Early days of responsive design
Responsive design means that a web page can be seamlessly displayed, on a variety of devices, from large screen monitors, to laptops, tablets and the phones.
There are so many devices today. More and more of them can access the internet and hence, a web page. A while ago, we only had computers, that could be used to surf the web and there was no mention of such a concept of responsive design. But now, we have smartphones, we have tablets, smart TVs, fridges and all kinds of gadgets that can load a web page. This means there are countless combinations of screen sizes (width x height).
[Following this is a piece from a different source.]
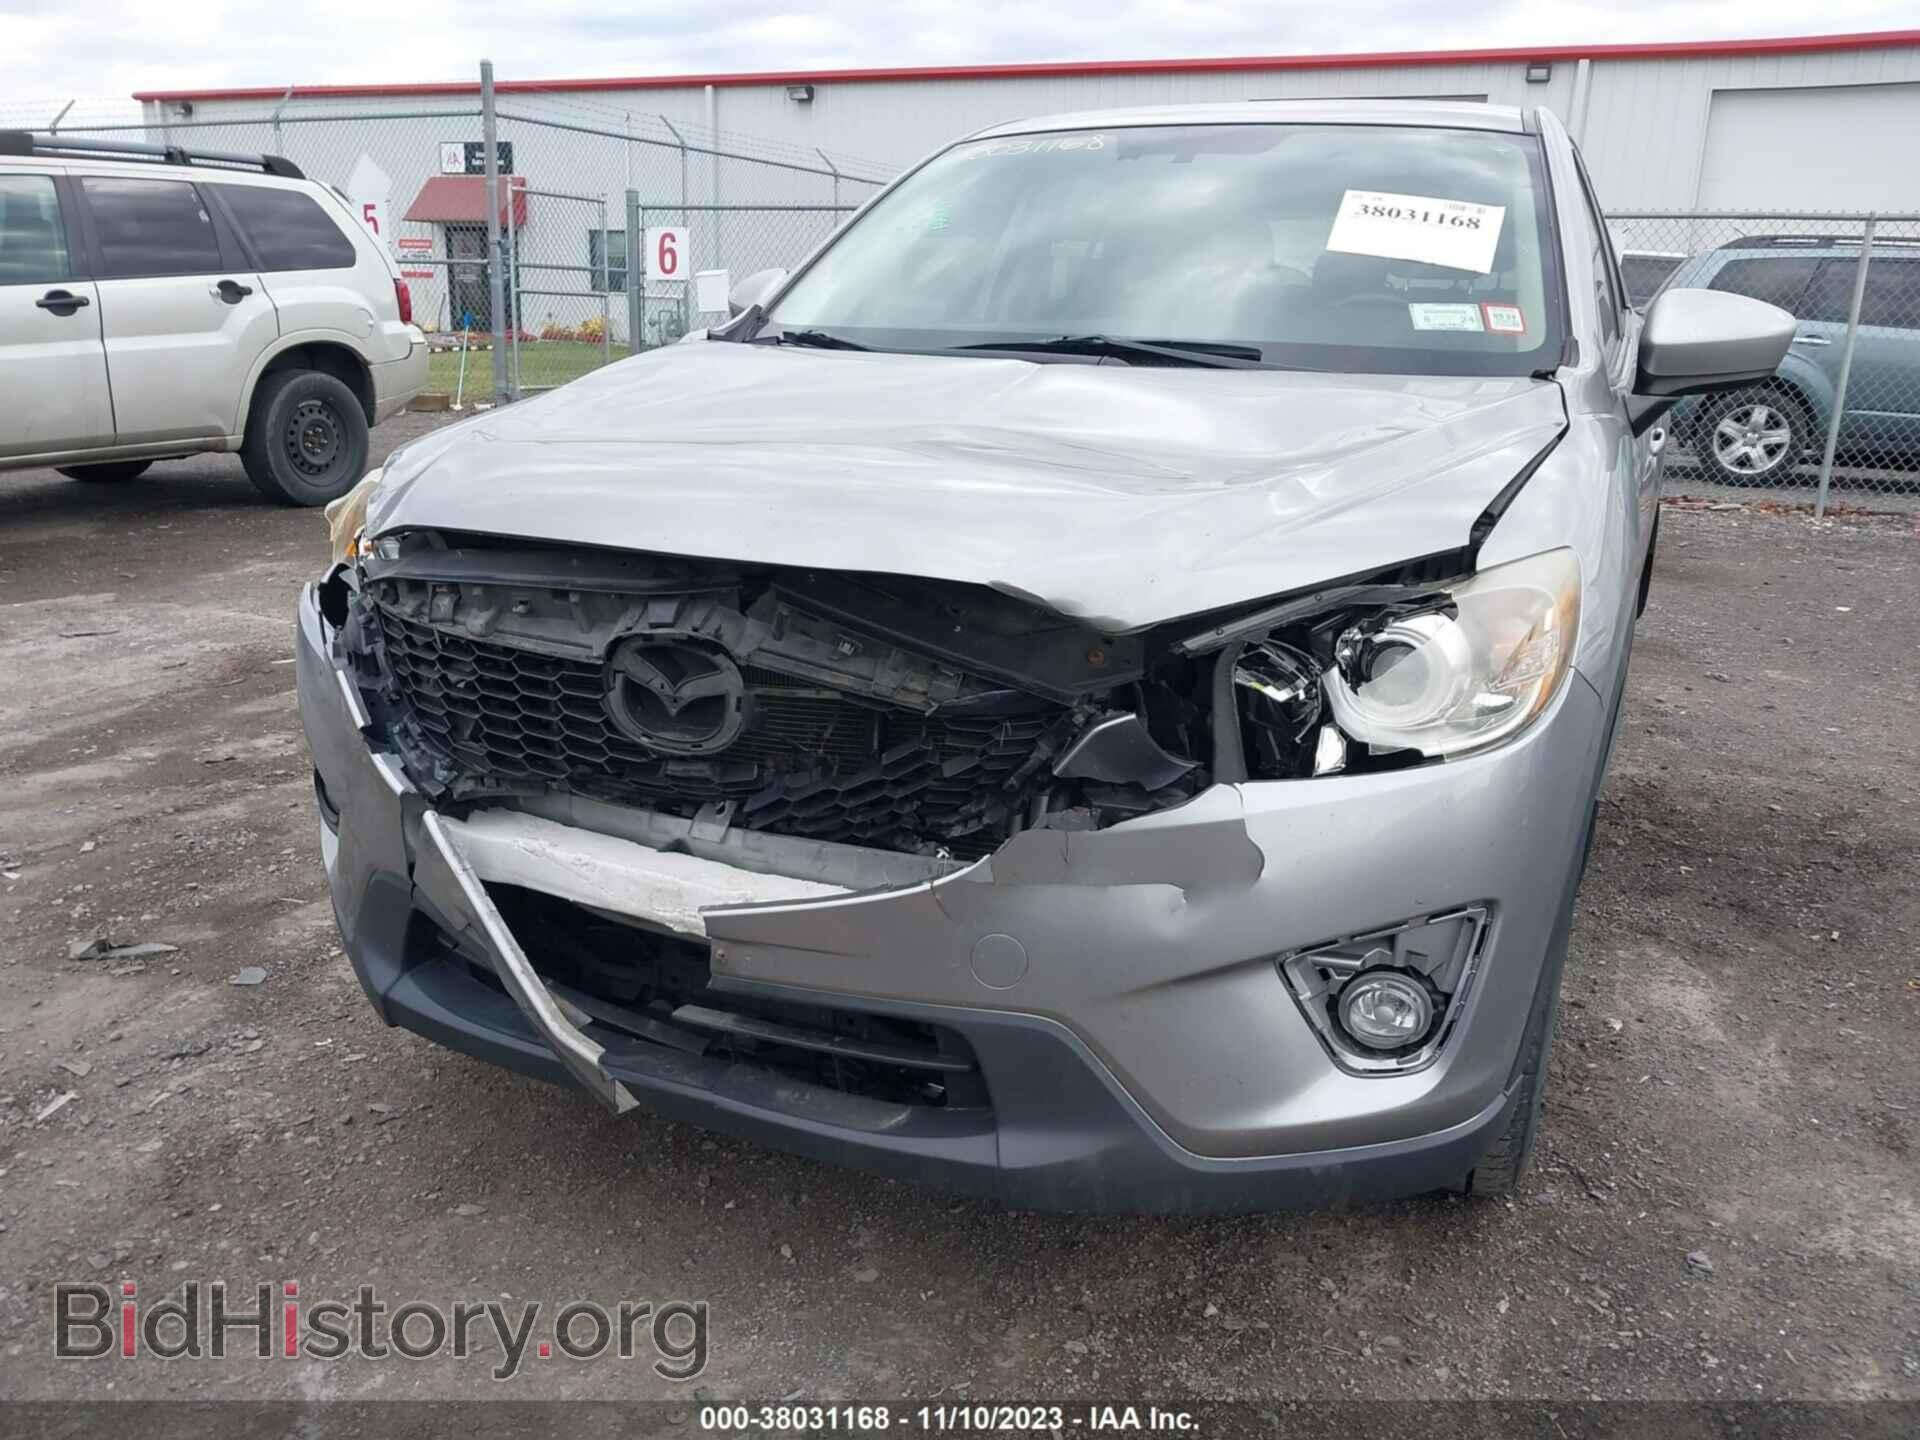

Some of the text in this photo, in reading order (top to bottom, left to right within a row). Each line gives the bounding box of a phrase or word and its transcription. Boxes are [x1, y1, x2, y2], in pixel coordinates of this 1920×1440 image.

Add to that, the possibility of different orientations (landscape / portrait).
The need for responsive design came when the iPhone was introduced in 2007 and the other Android phones followed, creating a new market, but also a new medium. The new large screen smartphones, that could get you online were used by many people, but loading a web site on the 320×480 screen size meant you could not read a thing. Users had to zoom in, tap, zoom out. The user experience was terrible, so the need for a mobile version of a website emerged.
Websites started creating mobile versions, sometimes redirecting users to a completely different set of files, when accessing from a mobile. But that was only temporary, as that was only the beginning. Because more and more screen sizes appeared, as well as the tablets, them in several sizes as well. Each year, new sizes were introduced. So having a desktop version and a mobile version was not enough anymore.
So the need for responsive design could not be ignored, with the introduction of the iPad, in 2010. This means, from a users point of view, that a website would look great, you could read all the text, tap all the buttons and use the site easily, on any screen size. Of course, on larger screens there is room for more information at once, while on the smallest phones, there is only a fraction, so the user interface should adapt also, not only resize or create more rows instead of columns. Functionalities might disappear or be moved on mobile, while the core experience should be preserved. From a developers point of view, this means using media queries, flexible grids and images, using percents for sizes instead of absolute values.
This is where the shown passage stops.